Por último, es importante invertir el Cogitocentrismo[6]. Mediante el cual nos acostumbramos a comprender primero y ejecutar después. La pedagogía oriental nos enseña que para comprender hay que ejercer. Muchas veces la queja totaliza el problema y contribuye a que inhibamos la acción. Obtienen mejor resultado, las estrategias psicopedagógicas que desbloquean el análisis circular y permanente mediante la acción.

Seguramente Luciano no conocía esta epistemología, se dedicaba simplemente a gobernar su vida del mejor modo posible.

 

RIO DE LA VIDA

 

Voy navegando la vida

con un barquito pequeño

pero fuerte,

por un río, por un mar,

por un sendero de agua.

 

Y navego sin razón

y sin demora.

 

Navego sin poderlo evitar.

 

Tan sólo la razón

hace una tabla leve,

un timón,

y quiere guiar lo que navego.

 

Hace lo que puede.

 

Pero el ímpetu de las olas,

de las corrientes, de los vientos,

de las tormentas

y el fuerte material de mi balsa

con mis velas de sueños y deseos

son los que al final

llevan la navegación hacia adelante.

 

(Poema: Trinidad Ballester)

 

Notas

[1] Consultar la obra de Mircea Eliade: El mito del eterno retorno. (1951-2000).
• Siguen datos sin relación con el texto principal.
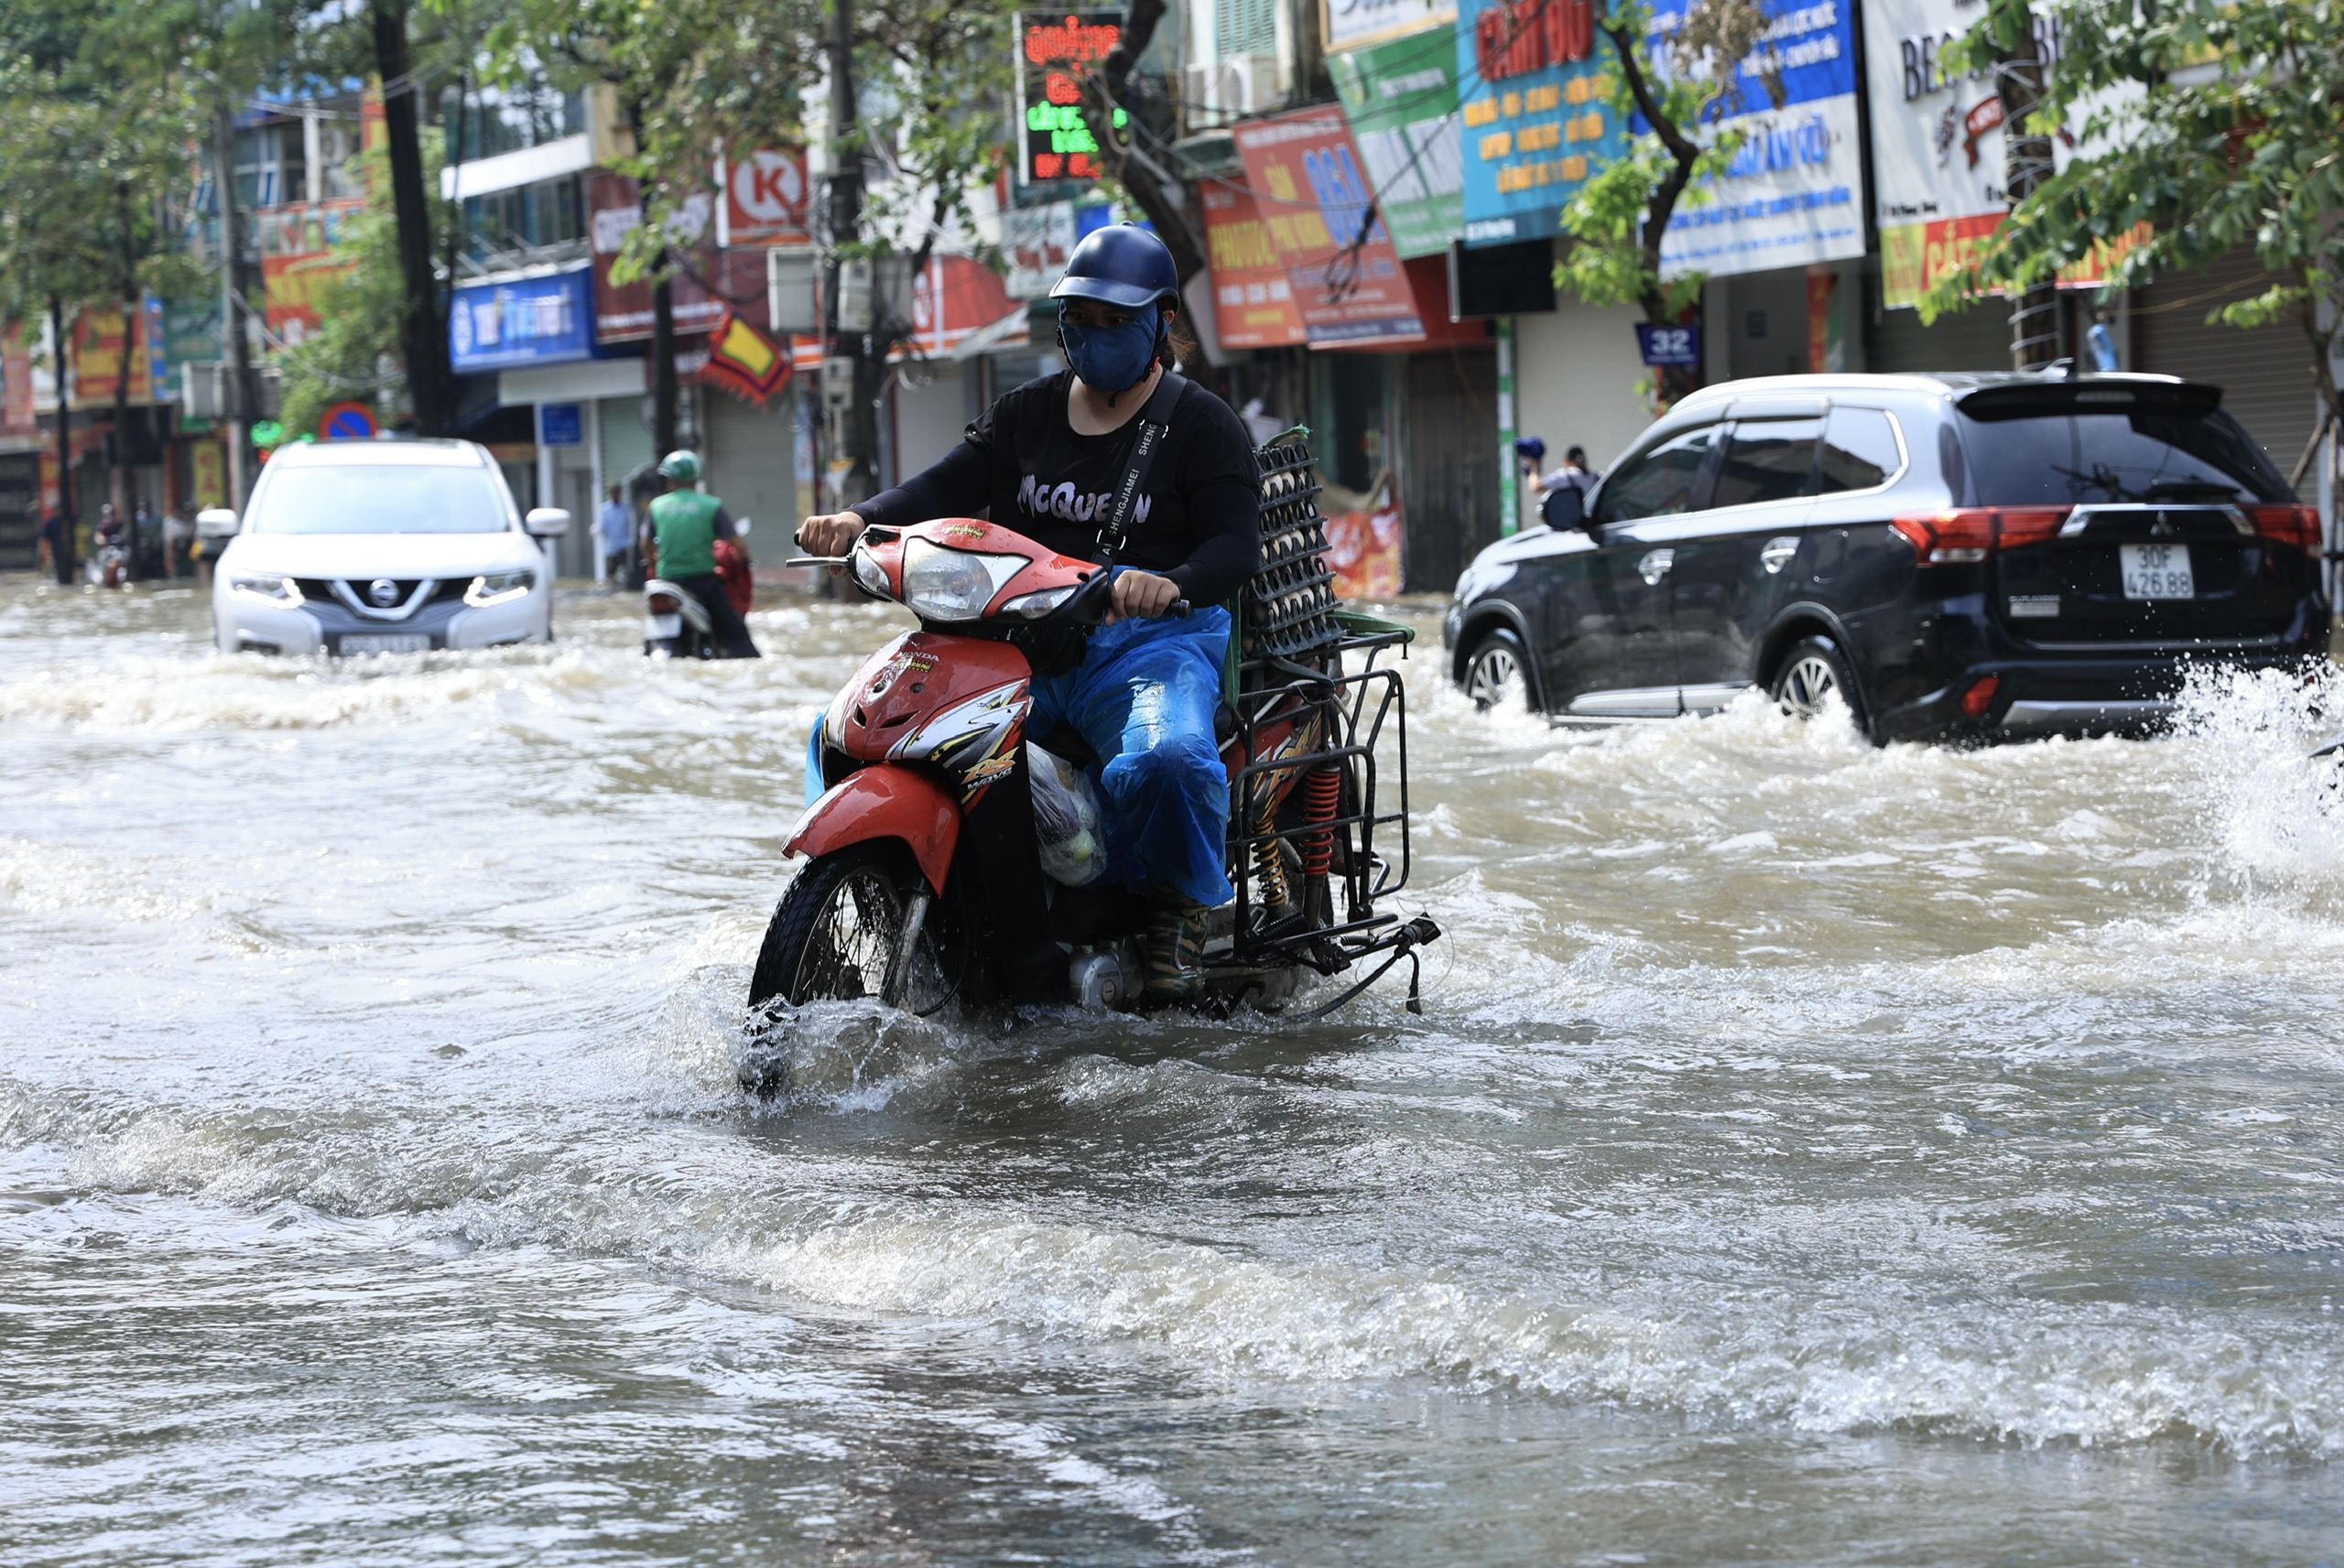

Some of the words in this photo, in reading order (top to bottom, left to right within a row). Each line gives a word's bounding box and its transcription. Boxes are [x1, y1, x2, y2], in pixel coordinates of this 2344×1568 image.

Madrid: Alianza.

[2] Lovelock, J. y otros. (1989): Gaia. Barcelona: Kairós. Pág. 18.

[3] O´Hanlon, W.; Davis, M. W. (1993): En busca de soluciones. Barcelona: Paidós. Págs: 37-42.

[4] Paul Watlawick (1992): El arte del cambio. Barcelona: Herder.

[5]  (Op. Cit. 34)

[6] El pensamiento de Descartes nos dejó en herencia su frase: Cogito ergo sum: Pienso luego existo.

[i] Relato de Blasco Ibáñez recogido en su obra Arroz y tartana.